= Leaky gut syndrome =

Hypothetical medical condition

Leaky gut syndrome is a hypothetical and medically unrecognized condition that is distinct from the scientific phenomenon of increased intestinal permeability commonly known as "leaky gut". Claims for the existence of "leaky gut syndrome" as a distinct medical condition come mostly from nutritionists and practitioners of alternative medicine. Proponents claim that a "leaky gut" causes chronic inflammation throughout the body that results in a wide range of conditions, including myalgic encephalomyelitis/chronic fatigue syndrome, rheumatoid arthritis, lupus, migraines, multiple sclerosis, and autism. There is little evidence to support this hypothesis.

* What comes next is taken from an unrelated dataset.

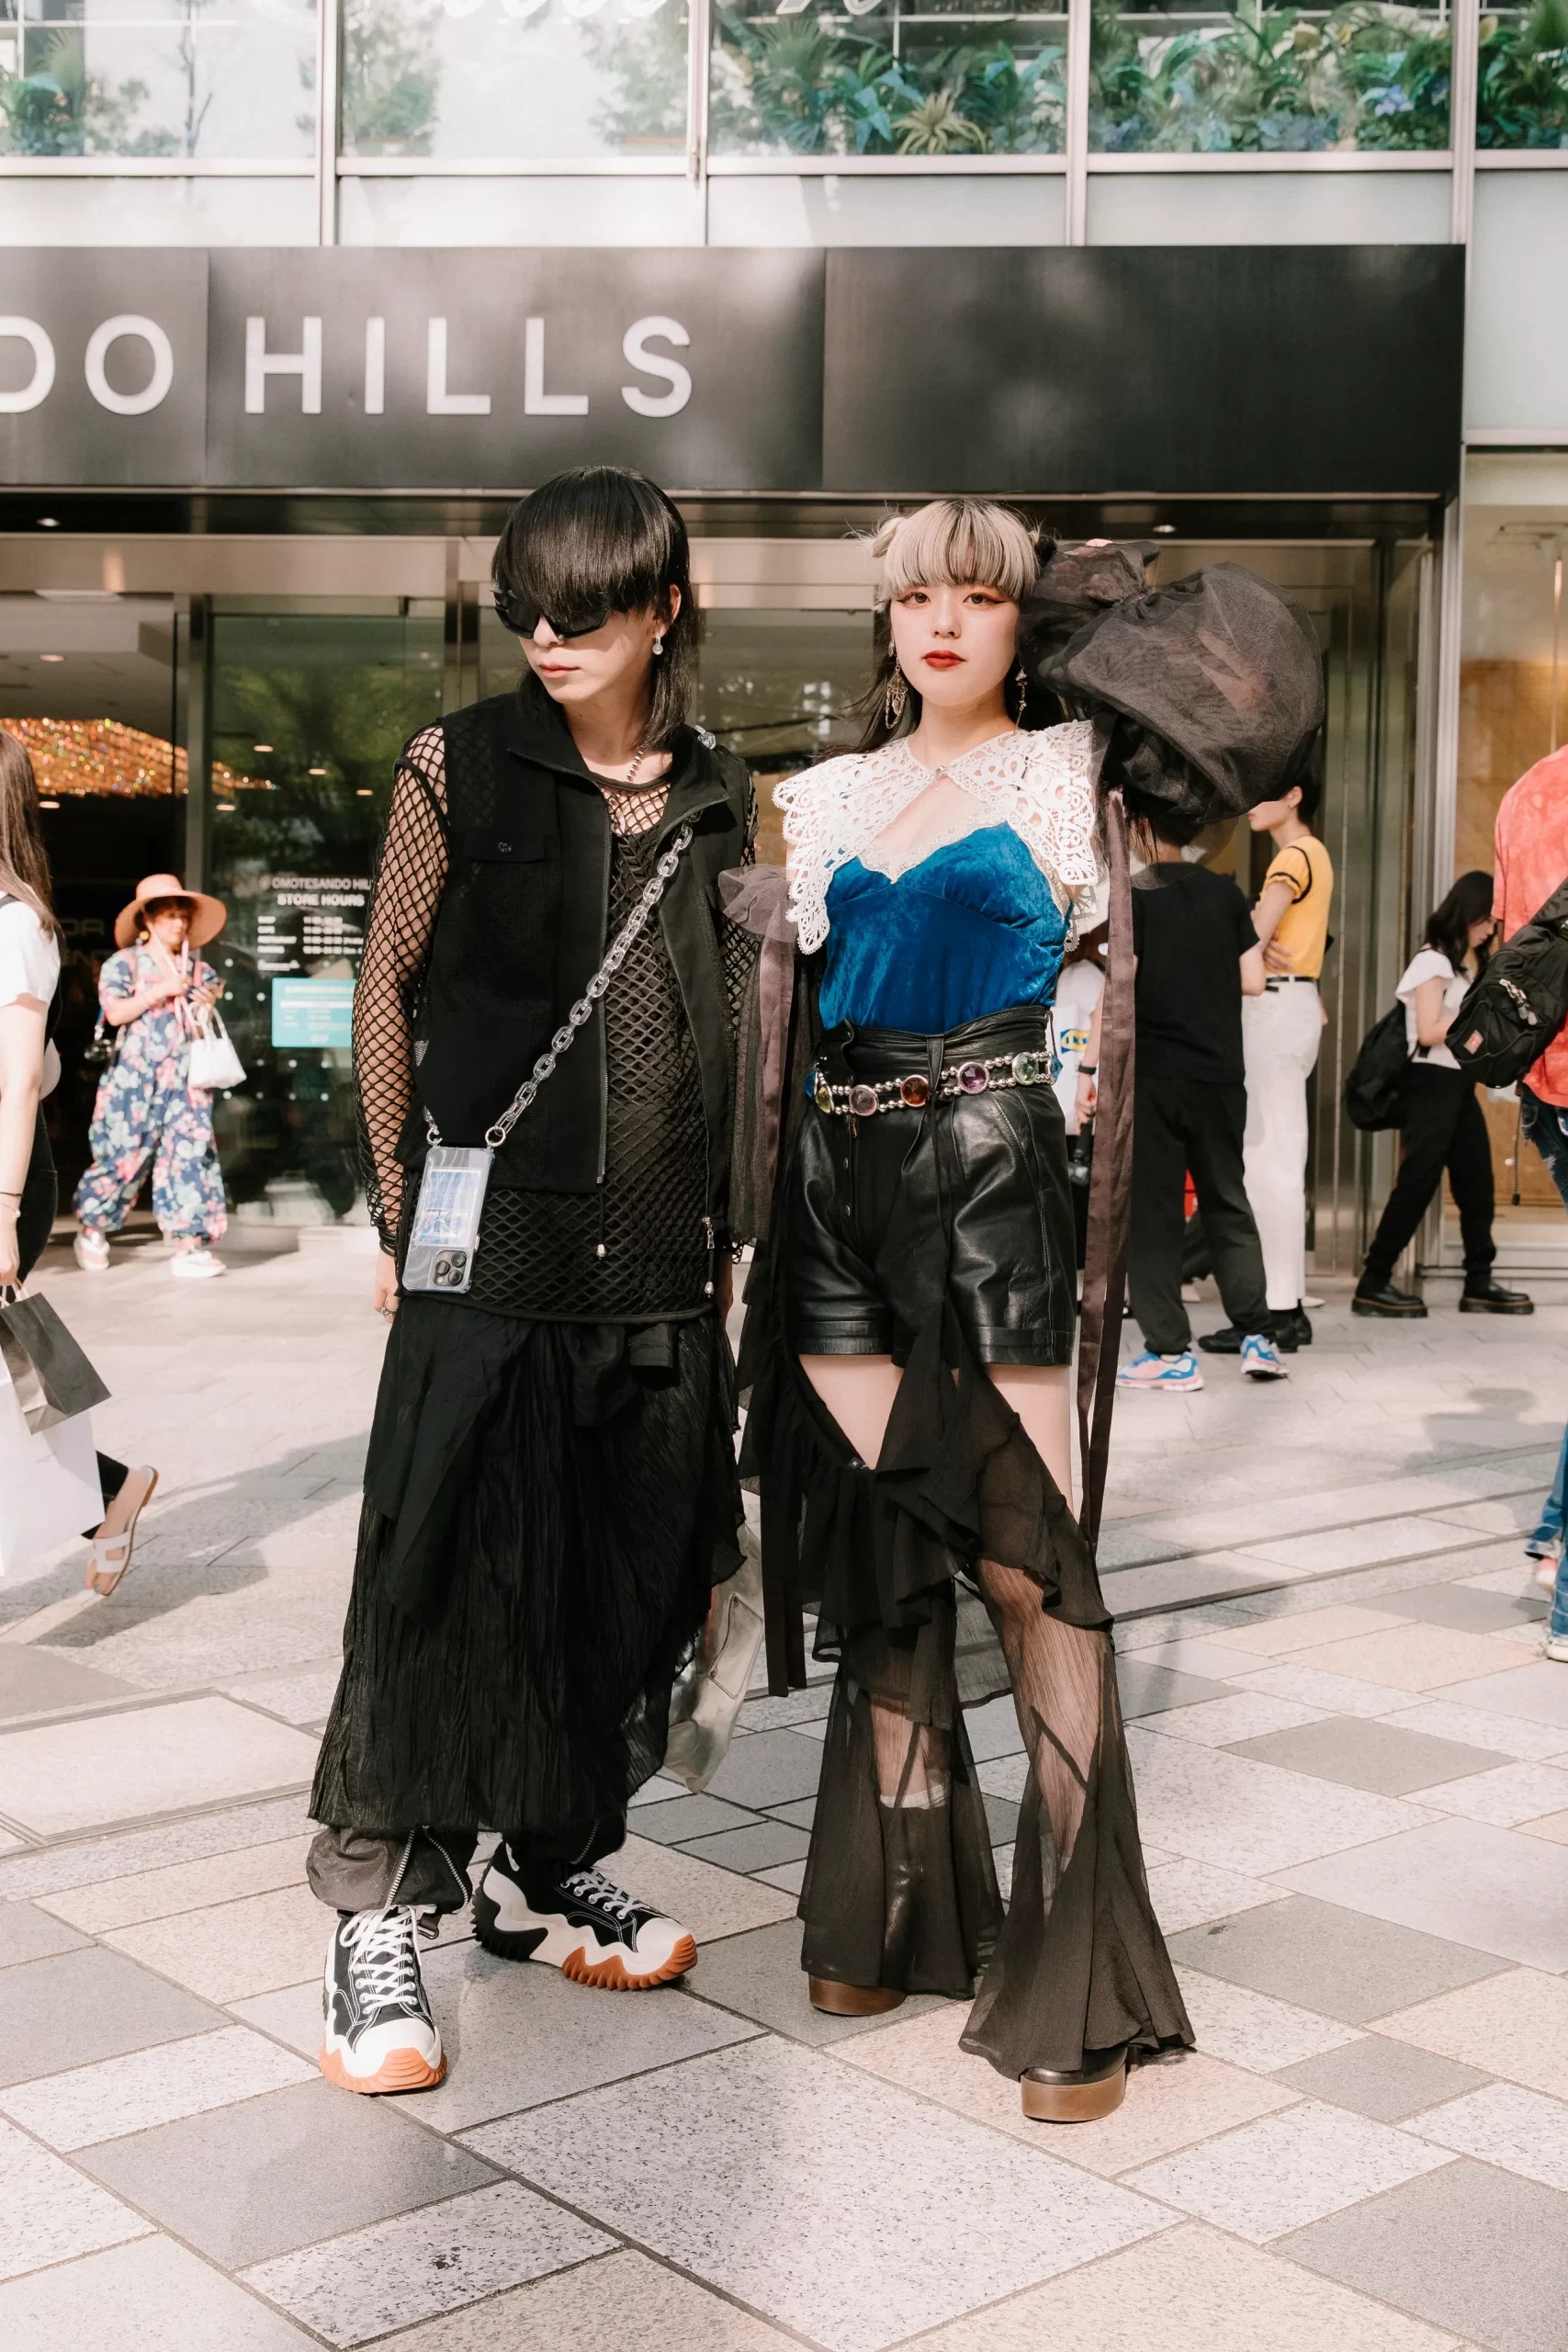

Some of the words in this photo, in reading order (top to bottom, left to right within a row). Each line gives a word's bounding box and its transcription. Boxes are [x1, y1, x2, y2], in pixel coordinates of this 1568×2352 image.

Stephen Barrett has described "leaky gut syndrome" as a fad diagnosis and says that its proponents use the alleged condition as an opportunity to sell a number of alternative-health remedies – including diets, herbal preparations, and dietary supplements. Promoters of pseudoscience have claimed that the passage of proteins through a "leaky" gut is the cause of autism. Evidence for claims that a leaky gut causes autism is weak and conflicting.

Advocates tout various treatments for "leaky gut syndrome", such as dietary supplements, probiotics, herbal remedies, gluten-free foods, and low-FODMAP, low-sugar, and/or antifungal diets, but there is little evidence that the treatments offered are of benefit.
None have been adequately tested to determine whether they are safe and effective for this purpose. The UK National Institute for Health and Care Excellence (NICE) does not recommend the use of any special diets to manage the main symptoms of autism or leaky gut syndrome.